Pictures excluded, copy every record that follows exactly as it appears.

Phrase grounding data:
BEGIN
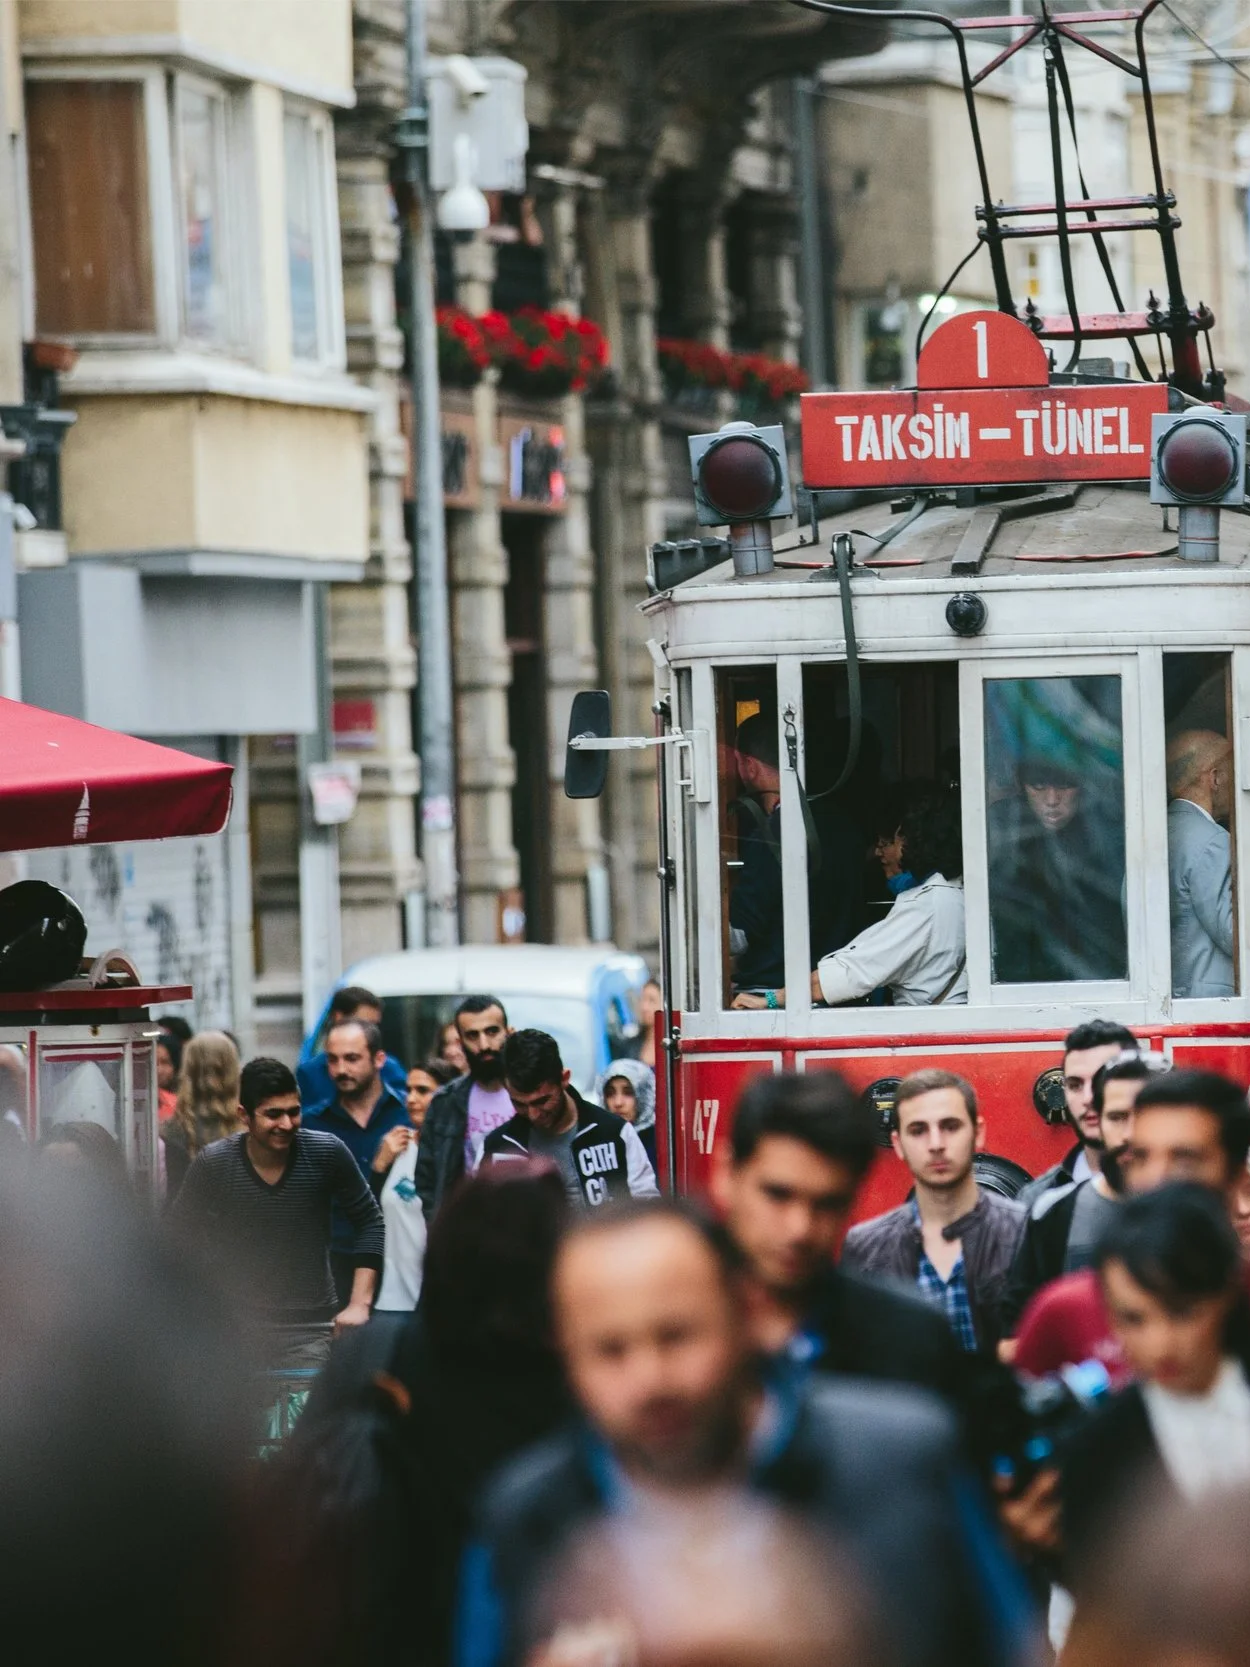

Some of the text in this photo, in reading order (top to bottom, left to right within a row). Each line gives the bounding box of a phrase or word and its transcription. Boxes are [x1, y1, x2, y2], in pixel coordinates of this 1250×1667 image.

[972, 320, 989, 379] 1
[834, 403, 970, 462] TAKSİM
[1016, 400, 1145, 456] TÜNEL
[692, 1099, 720, 1155] 47
END
ANSWER TO THE EXERCISE:
Some of the text in this photo, in reading order (top to bottom, left to right within a row). Each line gives the bounding box of a phrase or word and its transcription. Boxes are [x1, y1, x2, y2], in pixel coordinates of this 1250×1667 image.

[972, 320, 989, 379] 1
[834, 403, 970, 462] TAKSİM
[1016, 400, 1145, 456] TÜNEL
[692, 1099, 720, 1155] 47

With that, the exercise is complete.